Ballard wrote about a young coxswain for the University of California, Jill Costello, who led her rowing team to a Pac-10 championship, and to the national championship meet, while battling lung cancer.
I knew as soon as I started reading the article how it was going to end. Lung cancer has one of the lowest survival rates. Why? Part of the reason is because not a lot of research dollars go into lung cancer as compared to other kinds of cancer. Why? Because lung cancer has a stigma. Because many people still assume anyone who gets lung cancer deserves it.
Jill Costello was one of the 20 percent of women who get lung cancer who are non-smokers. About 15 percent of the people, male and female, who get lung cancer are non-smokers. Some studies have suggested that lung cancer is genetic. If you have a certain gene, and you smoke, there is a very high likelihood you are going to get lung cancer. If you don’t have the gene and smoke, you will probably never get lung cancer — but you will still get all the heart disease and COPD and other kinds of cancer smoking causes. If you have the gene and don’t smoke, you are at increased risk for lung cancer — not as much as if you smoked — but still an increased risk. Jill probably had the gene.
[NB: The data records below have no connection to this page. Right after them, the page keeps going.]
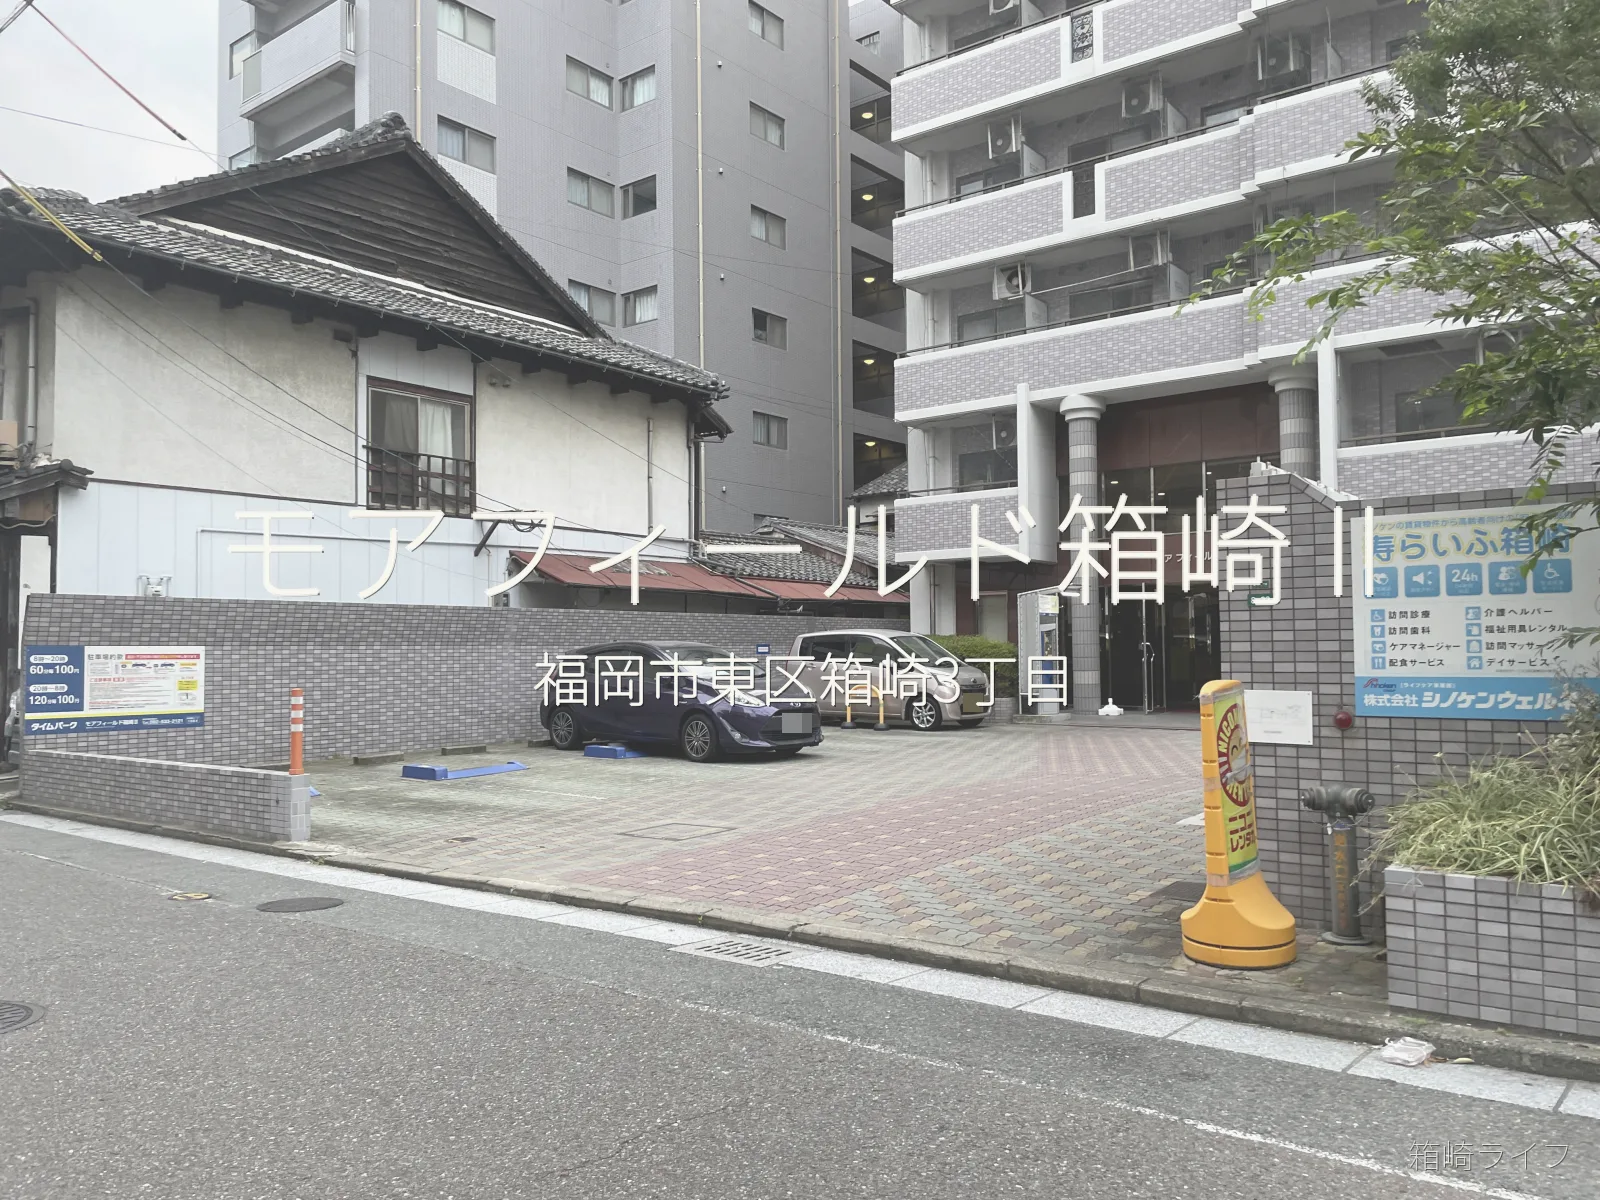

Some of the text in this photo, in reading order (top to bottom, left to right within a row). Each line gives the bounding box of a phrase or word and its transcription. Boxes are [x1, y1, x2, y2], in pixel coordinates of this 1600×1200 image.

[1451, 568, 1478, 583] 24h
[1388, 610, 1430, 620] 訪問診療
[1388, 626, 1430, 635] 訪問歯科
[1484, 624, 1567, 634] 福祉用具レンタル
[1389, 641, 1461, 651] ケアマネージャー
[1388, 658, 1445, 667] 配食サービス
[1486, 658, 1550, 667] デイサービス
[31, 721, 78, 731] タイムパーク
Jill battled her illness, and, more dramatically, the myriad side-effects of the chemotherapy, while continuing to compete for the Cal rowing team. It was a heart-wrenching article for me, having watched a parent go through this 30 years ago.
Like I said, I knew the story would end a certain way. Cal did not win the national championship. They came in fourth, and a month after the national championships, Jill died at the age of 23.
One of the things I’ve come to appreciate when I started getting involved in tobacco issues is how much stigma there is attached to lung cancer; how many times people with lung cancer have to answer the question, “are you a smoker?” I’ve since gone to great lengths to avoid attaching blame to smokers who get lung cancer. It isn’t there fault they took up a bad habit in their teens that turned out to be physically addicting. We all did dumb things in our teen years, but most of us can laugh about it. A smoker trying to quit, or a smoker with cancer, it’s not a laughing matter when they look back and say, “Why did I start smoking when I was 15?”
So, all I ask is if you know someone with lung cancer, just don’t ask them, “are you a smoker?”